The text is closed by coming back to Bohr’s absolute convergence problem, this time for vector-valued Dirichlet series. For a Banach space X abscissas and strips S(X) and S_p(X), analogous to those defined in Chapters 1 and 12 are considered. It is shown that all these strips equal 1-1/cot(X), where cot(X) is the optimal cotype of X.

We give the solution of Bohr’s problem, showing that in fact S=1/2. This is done by considering an analogous problem where only m-homogeneous Dirichlet series are taken into account (defining, then, S^m). Using the isometry between homogeneous Dirichlet series and polynomials, the problem is translated into a problem for these. For each m we produce an m-homogeneous polynomial P such that for every q > (2m)/(m-1) there is a point z in l_q for which the monomial series expansion of P does not converge at z. This shows that, contrary to what happens for finitely many variables, holomorphic functions in infinitely many variables may not be analytic. This also shows that (2m)/(m-1) ≤ S^m for every m and then gives the result. There is more. For each fixed 0 ≤ σ ≤ 1/2 there is a Dirichlet series whose abscissas of uniform and absolute convergence are at distance exactly σ.

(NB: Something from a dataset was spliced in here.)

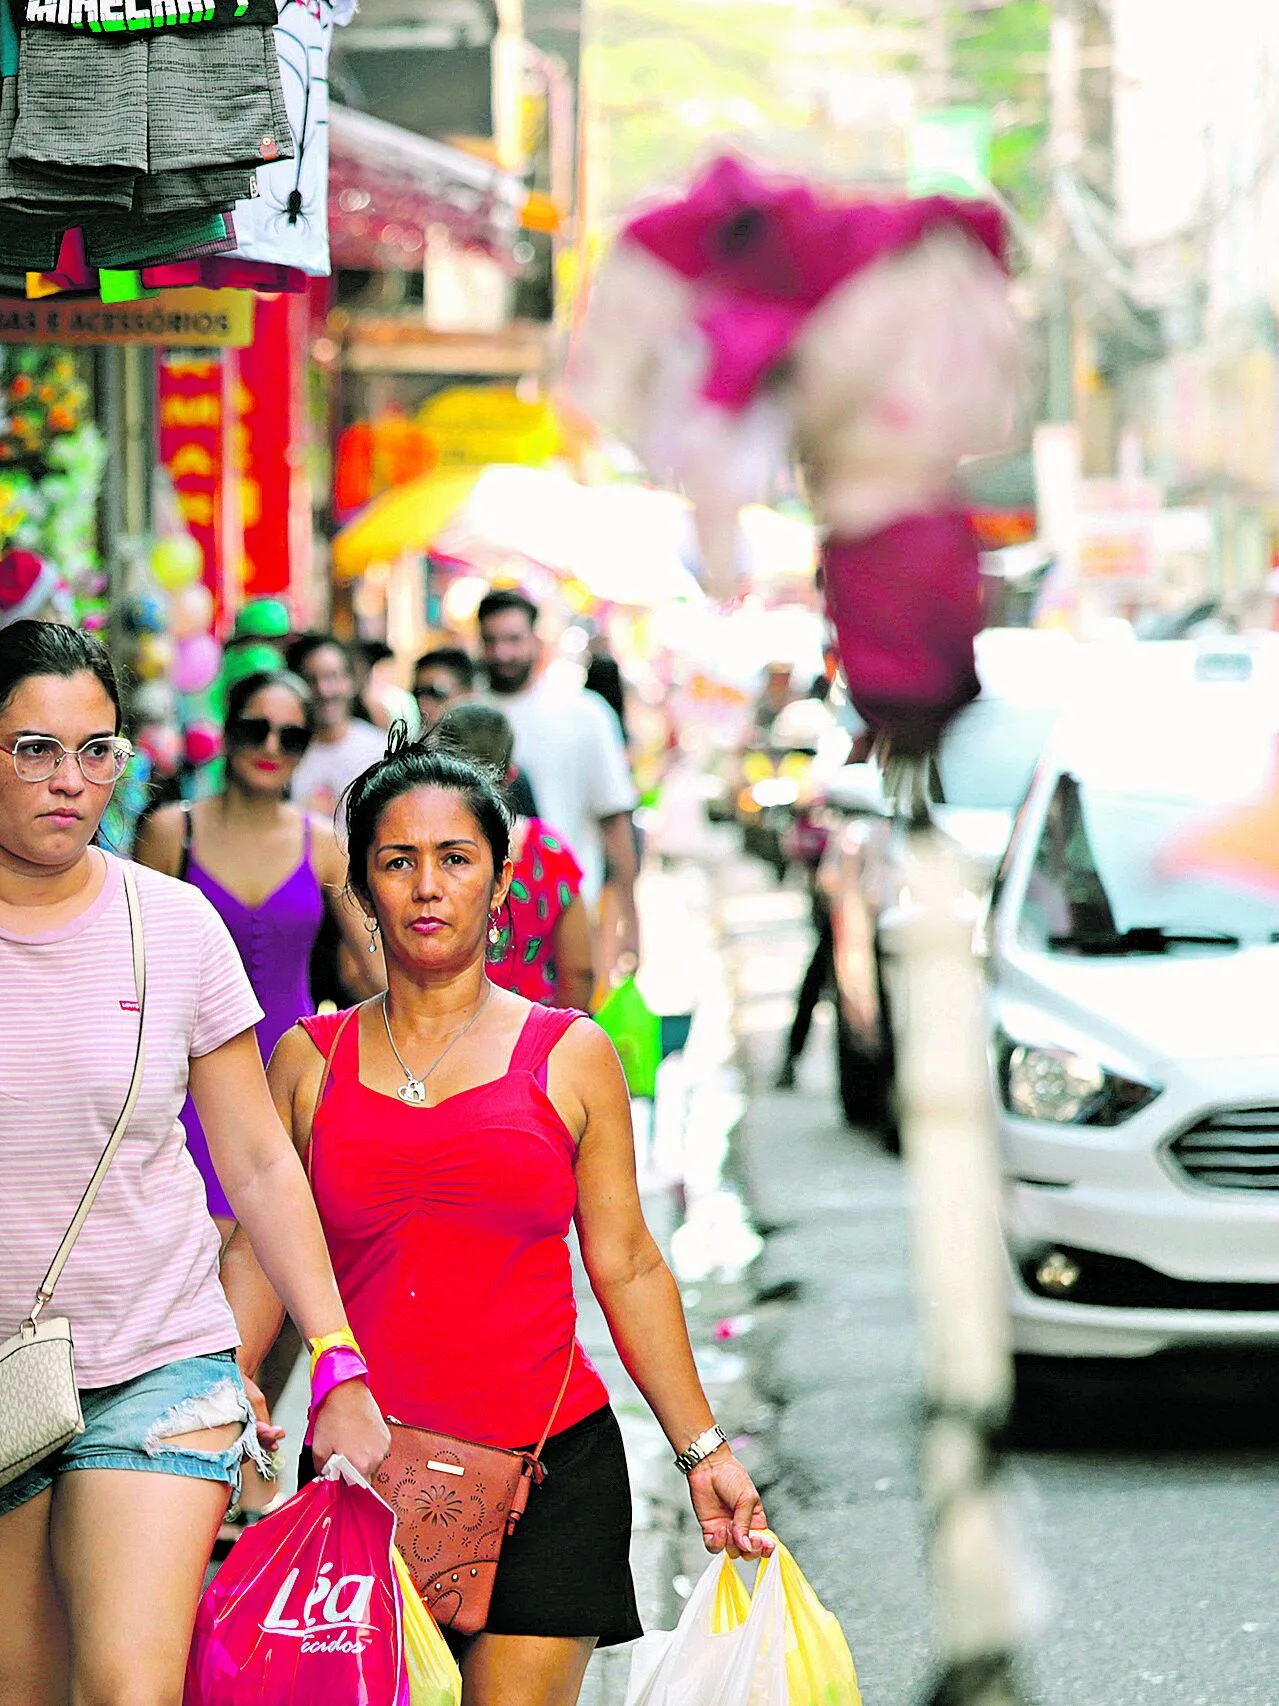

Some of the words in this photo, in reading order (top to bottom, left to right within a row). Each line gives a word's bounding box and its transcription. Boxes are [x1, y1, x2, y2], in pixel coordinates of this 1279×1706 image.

We establish the basic notions around Dirichlet series that are going to be used all along the text. A Dirichlet series converges on half-planes, and that there it defines a holomorphic function. For a given Dirichlet series we consider four abscissas definining the maximal half-planes on which it: converges, defines a bounded holomorphic function, converges uniformly or converges absolutely. We formulate the problem of determining the maximal possible distance between these abscissas. The difference between the abscissa of convergence and absolute convergence is at most one, and this is attained. Also, the abscissa of uniform convergence and of boundedness always coincide (this is Bohr theorem). Then Bohr’s problem is established: to determine S, the maximal possible width of the strip of absolute but not uniform convergence of Dirichlet series, and we show that it is at most 1/2. Finally we introduce the Banach space \mathcal{H}_\infty of Dirichlet series that converge and define a bounded holomorphic function on the right half-plane and reformulate Bohr’s problem in terms of this space. This becomes later an important tool.